Testimony during one of the trials from a grieving mother whose son overdosed on heroin began to make Lucas realize that he couldn’t just wash his hands of the results of his “business.” Tired of prison and the drug trade, Lucas was faced with the prospect of finding legal ways to make money:

As soon as I got out, my brother Larry asked me about working with him on an oil deal. He knew a man who was trying to import oil from Nigeria to Texas.

“He’s got a great connection,” said Larry. “He’s just trying to raise money.” … “Nothing illegal here, Frank. He just needs investors. Everything’s on the up and up.” …
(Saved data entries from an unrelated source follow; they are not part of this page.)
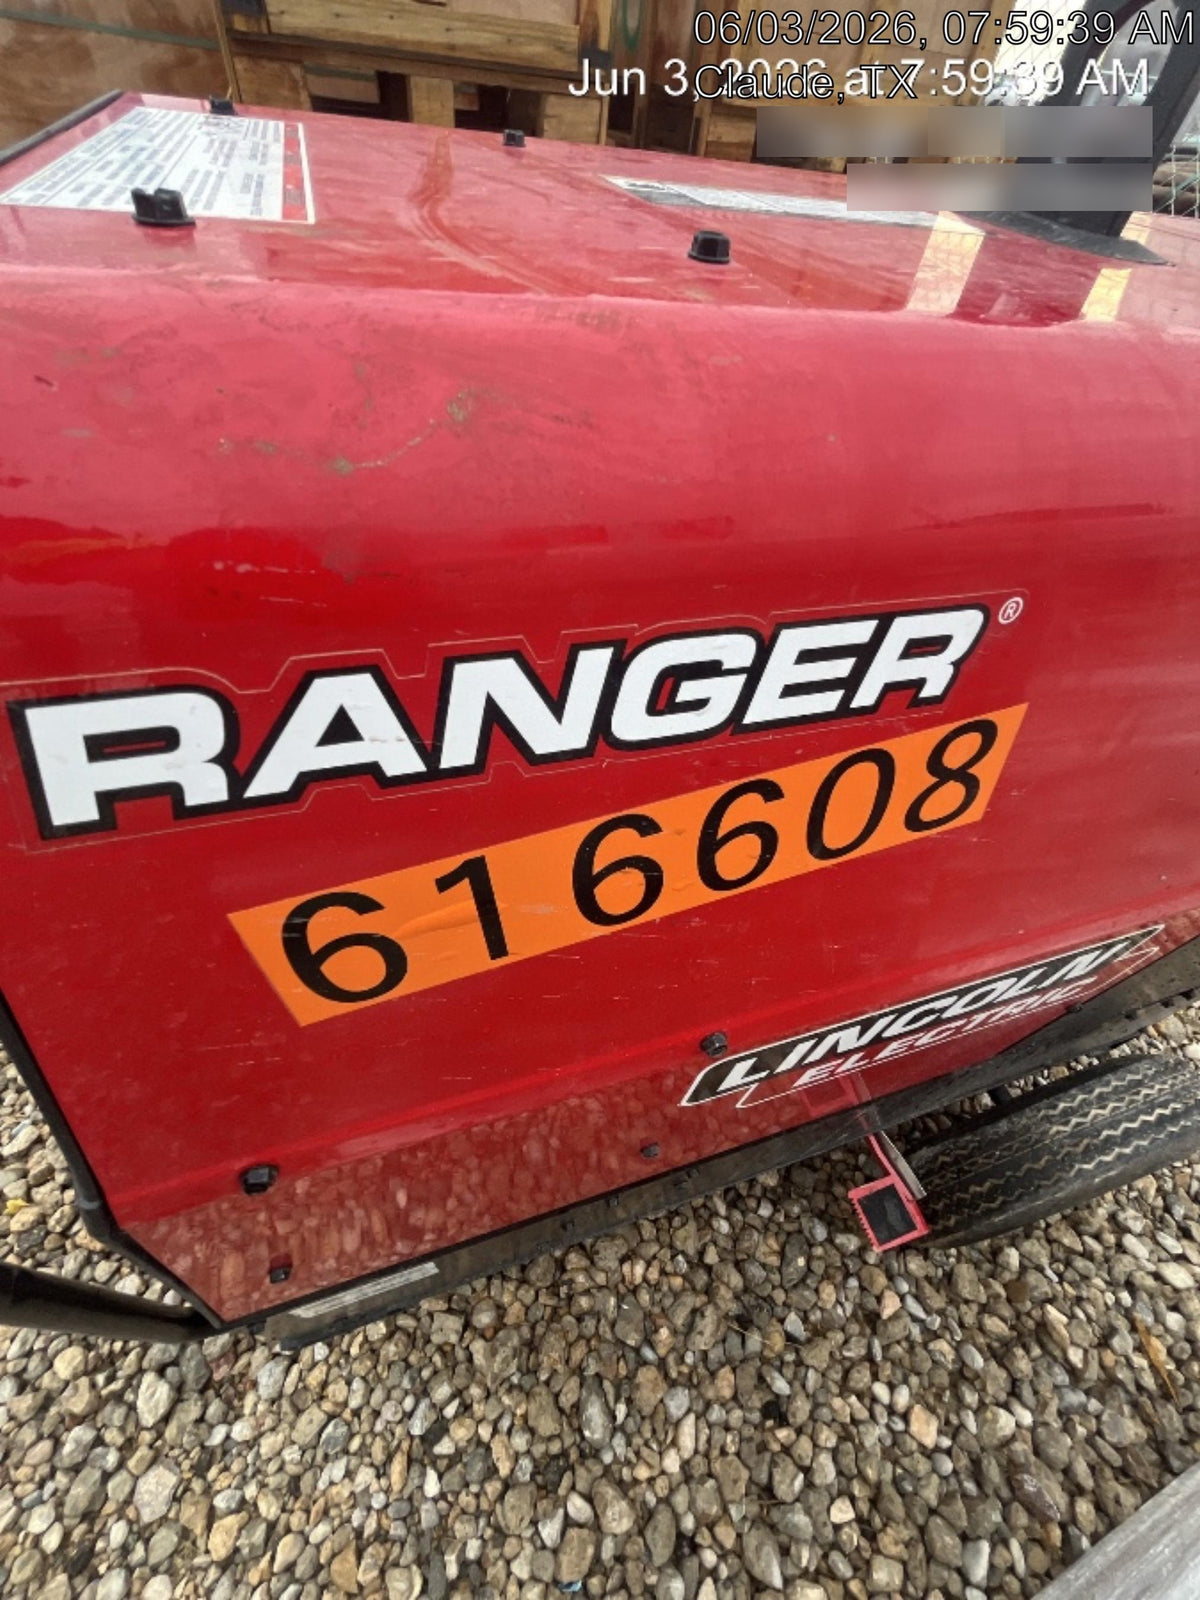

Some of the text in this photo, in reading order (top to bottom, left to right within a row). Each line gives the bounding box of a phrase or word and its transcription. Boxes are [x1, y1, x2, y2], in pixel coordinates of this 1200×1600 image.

[24, 607, 986, 828] RANGER
[280, 718, 998, 1003] 616608
[716, 942, 1132, 1092] LINCOLN
[793, 976, 1099, 1087] ELECTRIC
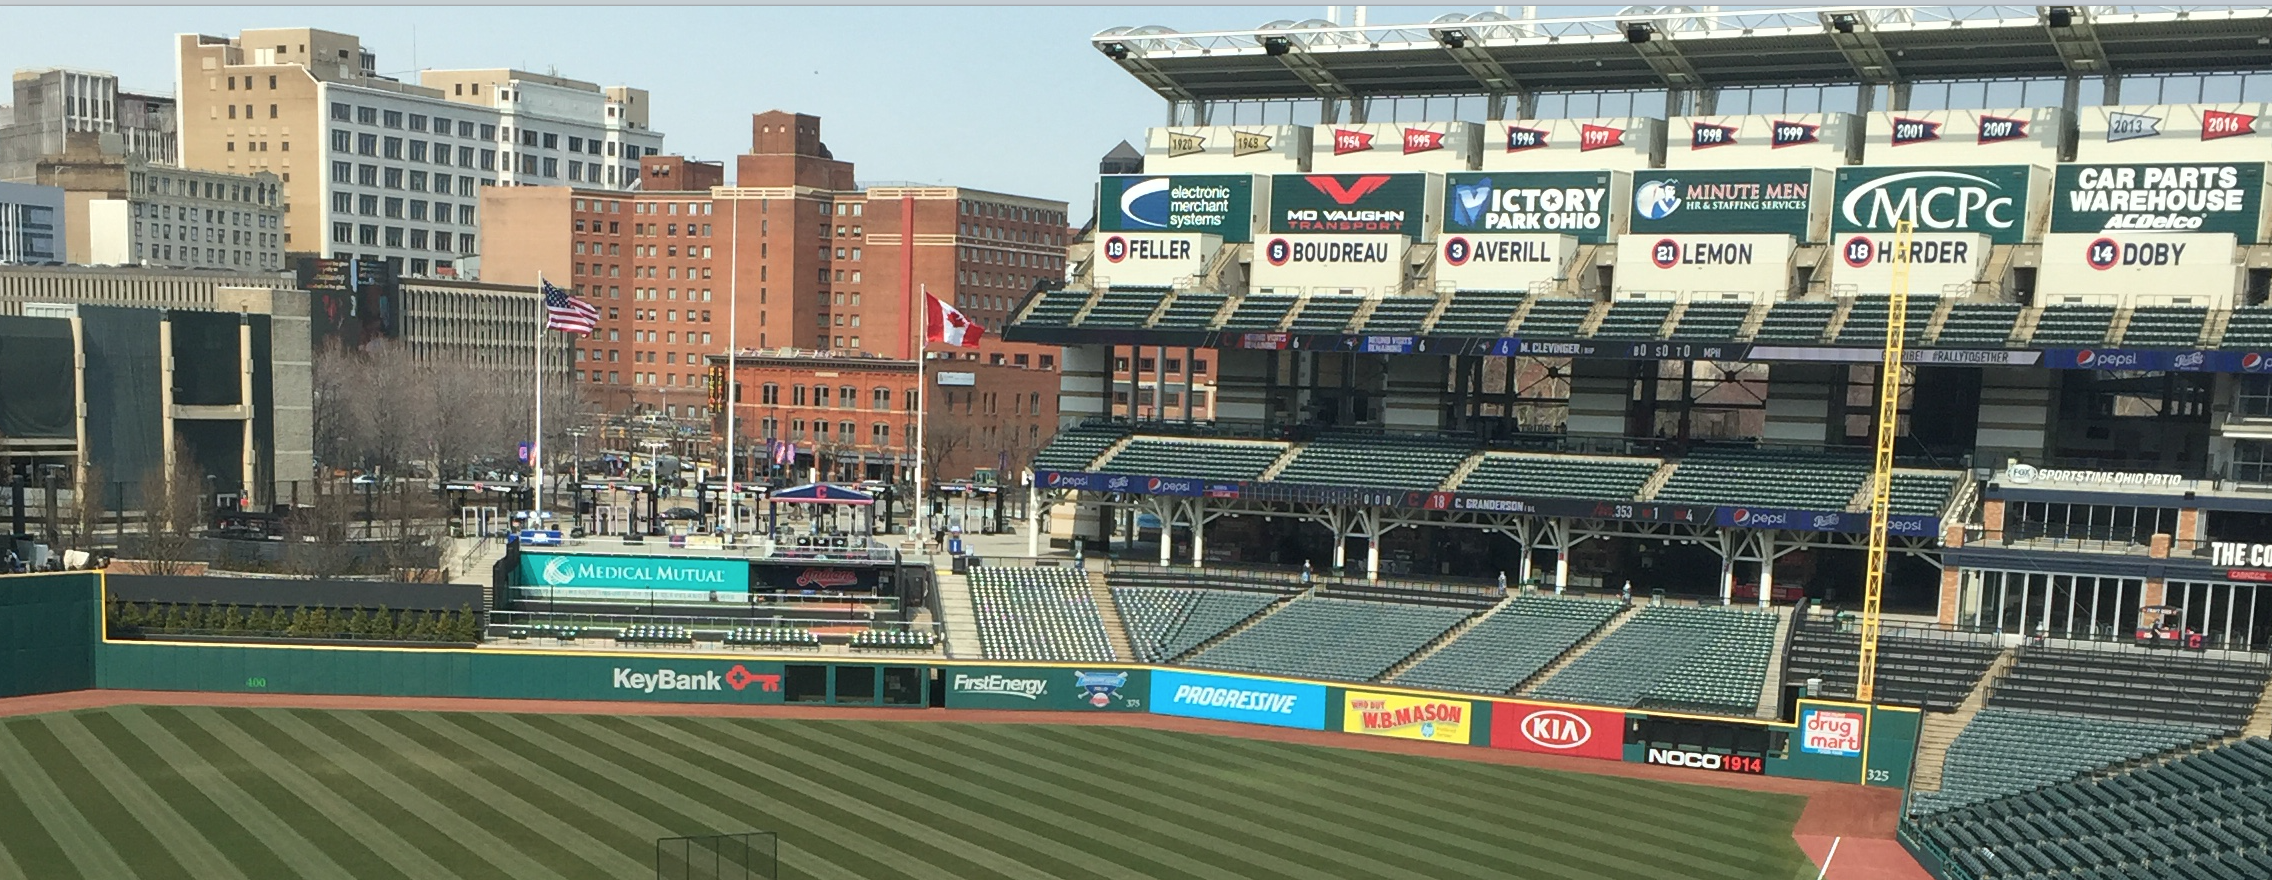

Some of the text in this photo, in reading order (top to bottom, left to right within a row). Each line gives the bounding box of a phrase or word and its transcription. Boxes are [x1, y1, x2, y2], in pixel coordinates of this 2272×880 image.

[1897, 124, 1924, 138] 2001
[1983, 122, 2012, 136] 2007
[2114, 120, 2142, 134] 2013
[2208, 117, 2238, 132] 2016
[1408, 134, 1430, 148] 1995
[1512, 132, 1535, 146] 1996
[1585, 131, 1609, 144] 1997
[1697, 128, 1722, 142] 1998
[1778, 127, 1803, 141] 1999
[1172, 138, 1193, 150] 1920
[1338, 135, 1360, 148] 1954
[2078, 166, 2237, 189] CAR PARTS
[1171, 185, 1230, 199] electronic
[1685, 183, 1809, 200] MINUTE MEN
[1170, 199, 1229, 212] merchant
[1458, 186, 1606, 223] VICTORY
[1686, 200, 1806, 210] HR & STAFFING SERVICES
[1867, 186, 2015, 229] MCPc
[2070, 189, 2244, 212] WAREHOUSE
[1322, 210, 1404, 220] VAUGHN
[1485, 212, 1601, 230] PARK OHIO
[2104, 213, 2203, 230] ACDelco
[1288, 220, 1403, 230] TRANSPORT
[1108, 240, 1190, 260] 19 FELLER
[1274, 242, 1388, 263] 5 BOUDREAU
[1452, 241, 1551, 262] 3 AVERILL
[1656, 244, 1752, 264] 21 LEMON
[1849, 241, 1968, 264] 18 HARDER
[2092, 243, 2186, 266] 14 DOBY
[1293, 336, 1300, 348] 6
[1419, 340, 1426, 352] 6
[1502, 341, 1508, 354] 6
[1532, 342, 1580, 354] CLEVINGER
[1704, 348, 1721, 358] MPH
[1902, 350, 1924, 362] RIBE!
[1932, 350, 2009, 362] #RALLYTOGETHER
[2098, 352, 2136, 366] pepsi
[1062, 476, 1088, 487] pepsi
[2012, 468, 2182, 486] FOX SPORTSTIME OHIO PATIO
[1162, 482, 1190, 493] pepsi
[1433, 495, 1444, 508] 18
[1466, 499, 1524, 512] GRANDERSON
[1612, 505, 1632, 519] .353
[1686, 509, 1693, 522] 4
[1752, 513, 1786, 526] pepsi
[2212, 542, 2247, 566] THE
[578, 564, 724, 582] MEDICAL MUTUAL
[246, 678, 266, 688] 400
[614, 668, 722, 693] KeyBank
[954, 674, 1048, 695] FirstEnergy
[1174, 684, 1298, 714] PROGRESSIVE
[1533, 718, 1579, 741] KIA
[1808, 710, 1851, 737] drug
[1810, 736, 1859, 750] mart
[1648, 748, 1761, 772] NOCO 1914
[1867, 769, 1889, 782] 325
I met with the guy and I was impressed with him right way. I agreed to start doing some fund-raising for him and try to get his oil business off the ground. Even though I wasn’t in the drug game anymore, I still knew people with money. I ended up raising close to a million dollars in three months… ‘The profits from the oil business started coming in quickly. It wasn’t big money. It was nothing like I’d experienced years before… But I did pull in about a hundred grand every few months. And I did it legally–for the very first time in my entire adult life.

Lucas soon found other ways to make money, like turning his life’s story into a book and then a movie.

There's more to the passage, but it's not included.